*** Opening of Information provided ***

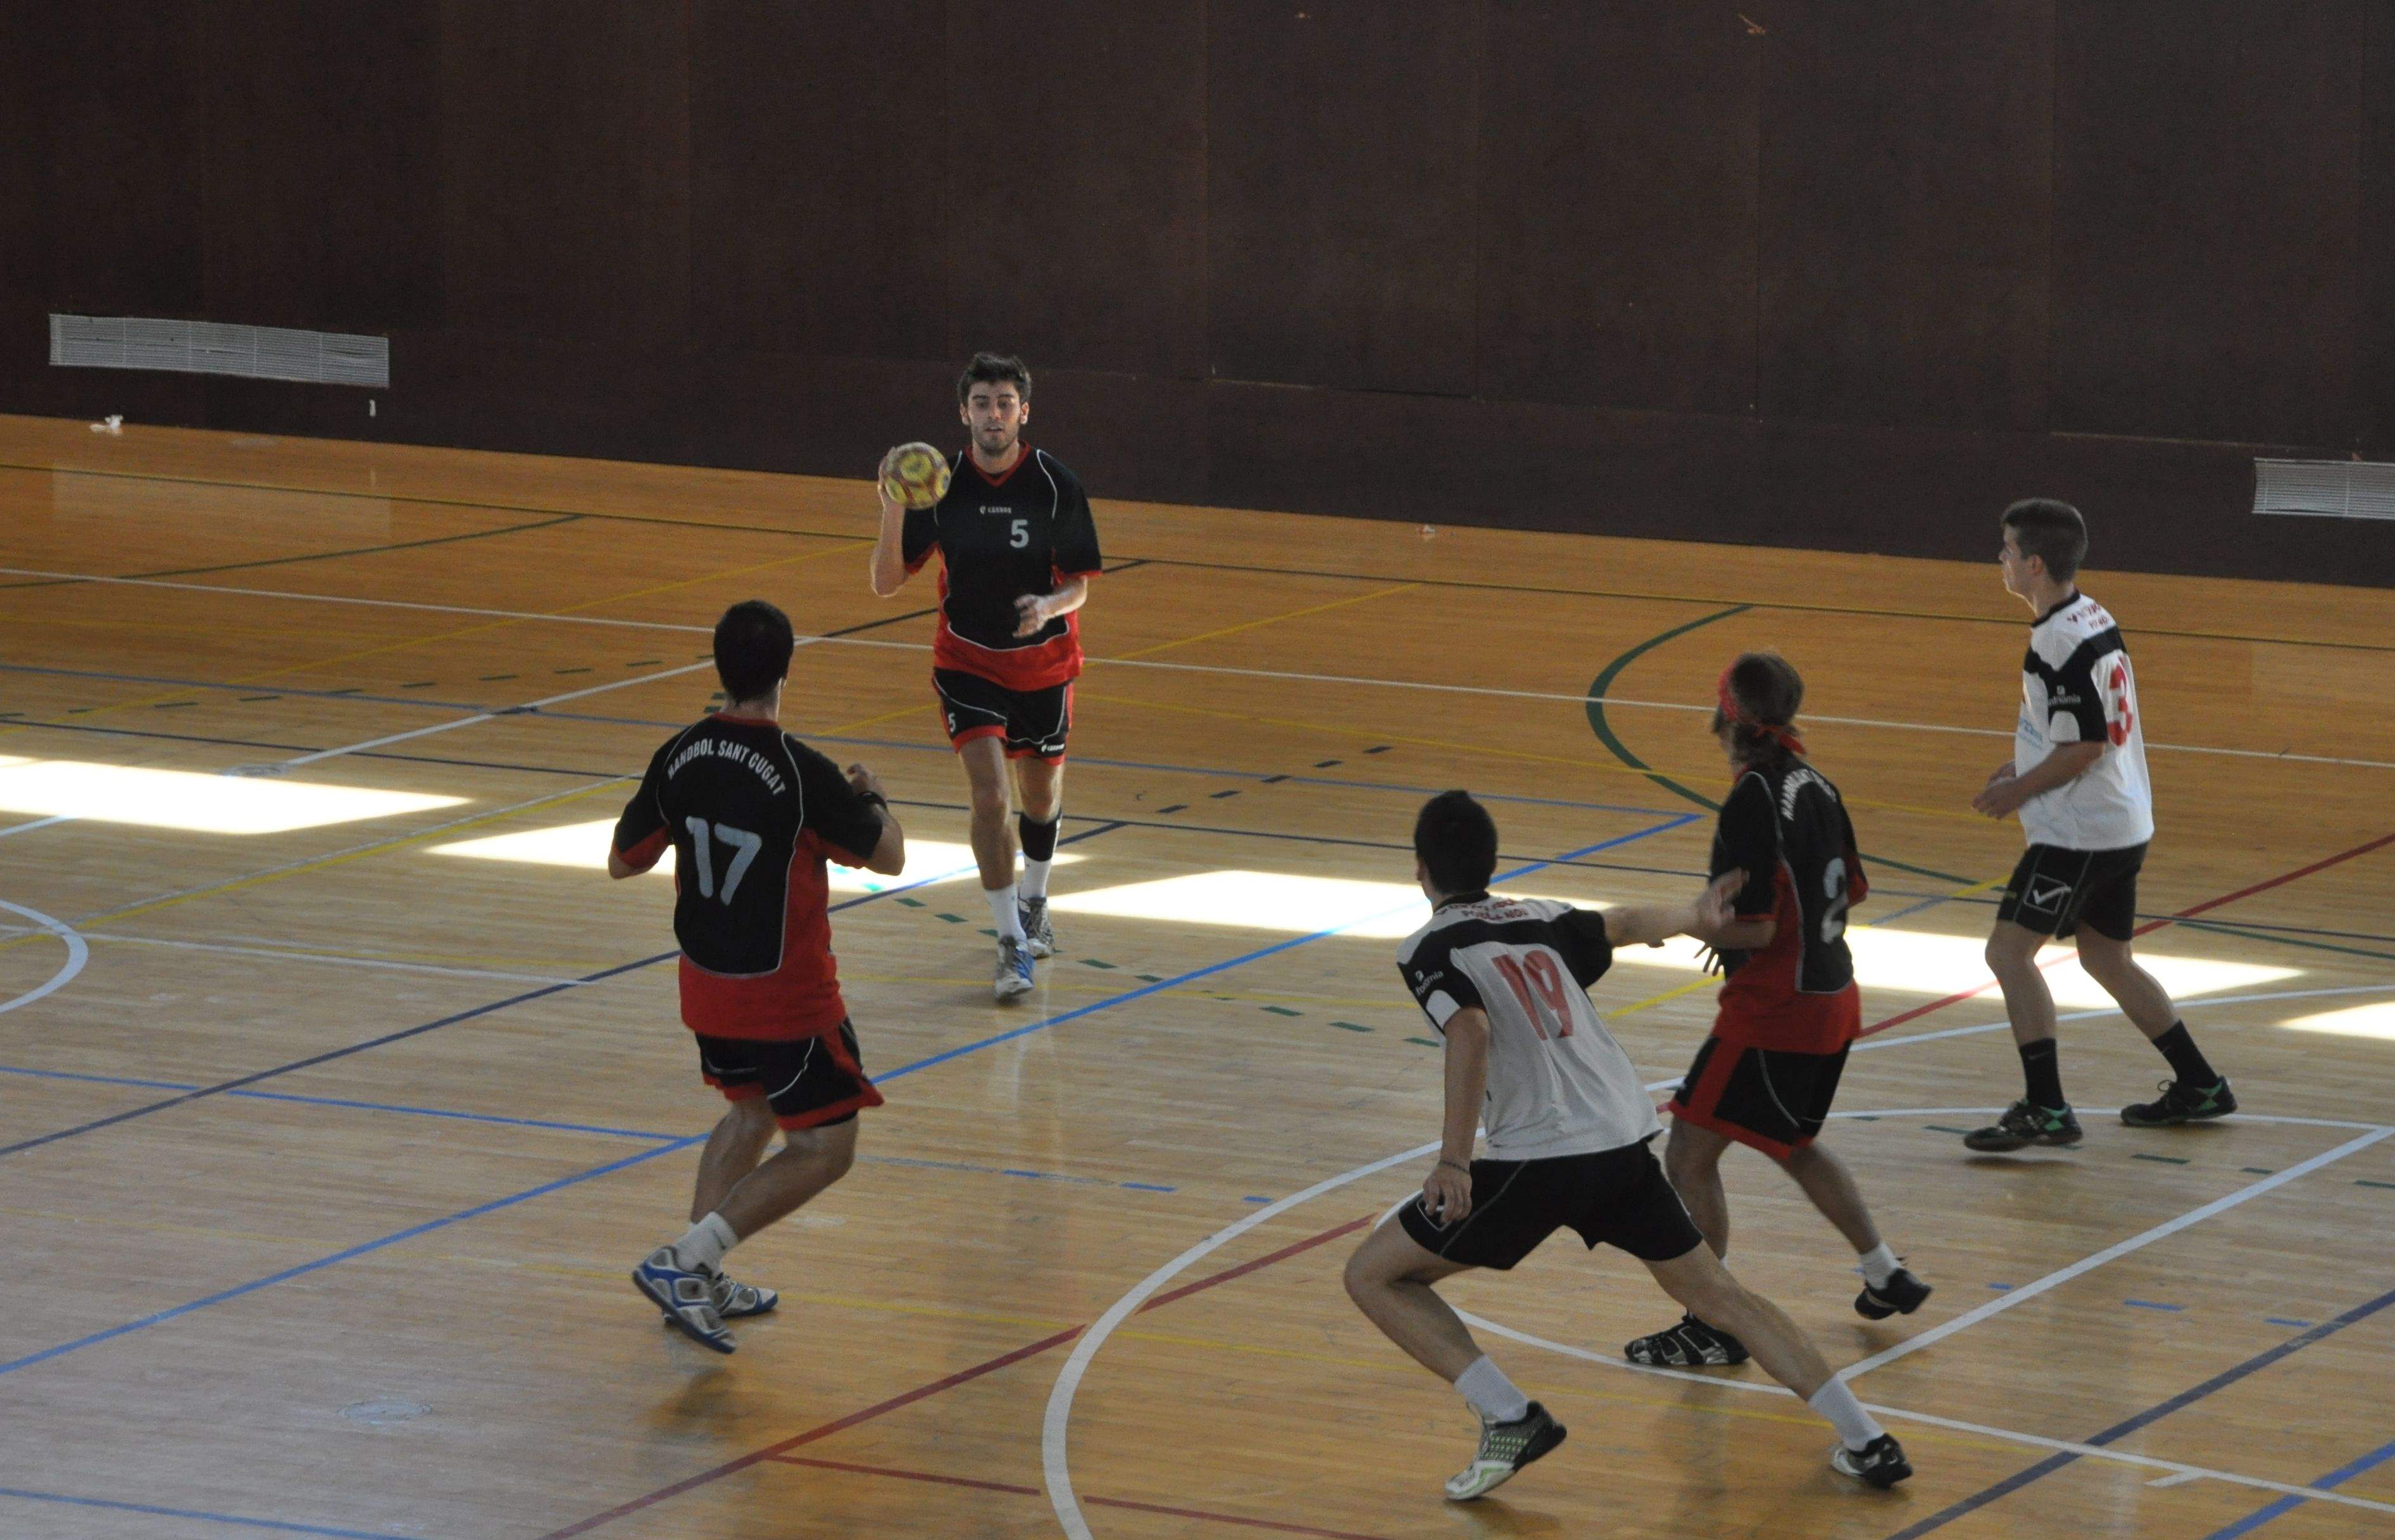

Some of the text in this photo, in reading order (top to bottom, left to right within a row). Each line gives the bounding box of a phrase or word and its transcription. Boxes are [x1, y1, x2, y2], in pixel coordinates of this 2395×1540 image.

[1010, 519, 1029, 548] 5
[668, 738, 786, 795] HANDBOL SANT CUGAT
[685, 815, 762, 905] 17
[1491, 949, 1573, 1041] 19
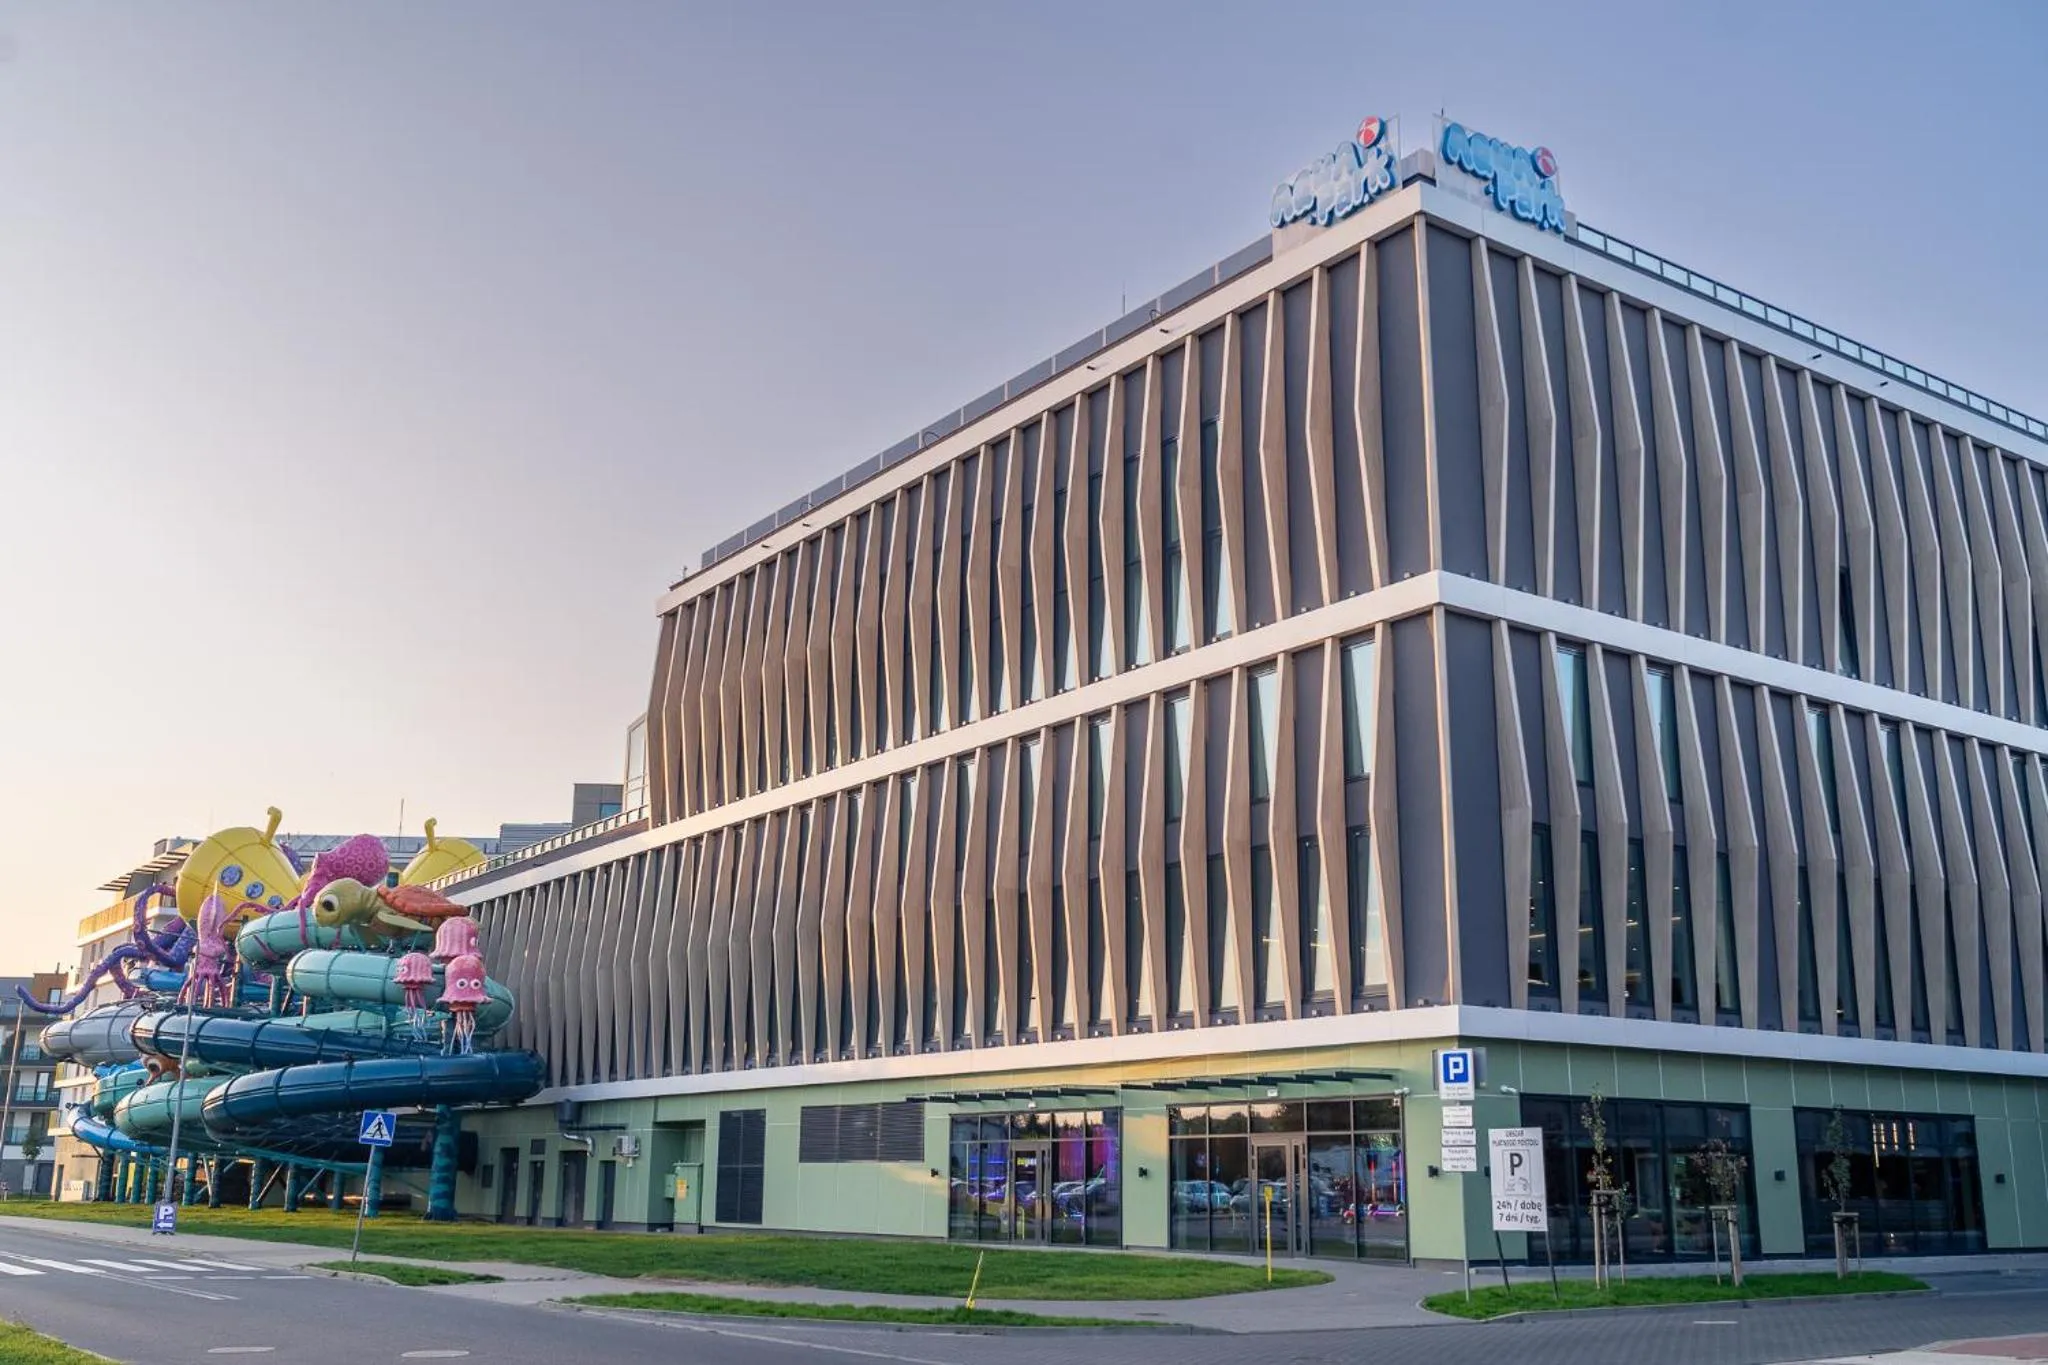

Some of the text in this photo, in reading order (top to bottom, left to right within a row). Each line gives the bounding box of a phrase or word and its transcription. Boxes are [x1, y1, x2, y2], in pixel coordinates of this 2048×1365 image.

*** Close of Information provided ***

== Work item ==
Copy all the data exactly as written, but skip any picture.

== Written response ==
Some of the text in this photo, in reading order (top to bottom, left to right within a row). Each line gives the bounding box of a phrase or word and its transcription. Boxes are [x1, y1, x2, y2], in pixel coordinates of this 2395×1540 image.

[1010, 519, 1029, 548] 5
[668, 738, 786, 795] HANDBOL SANT CUGAT
[685, 815, 762, 905] 17
[1491, 949, 1573, 1041] 19

Some of the text in this photo, in reading order (top to bottom, left to right within a row). Each line gives the bounding box of a phrase or word and its transcription. Boxes are [x1, y1, x2, y2], in pixel coordinates of this 2048×1365 image.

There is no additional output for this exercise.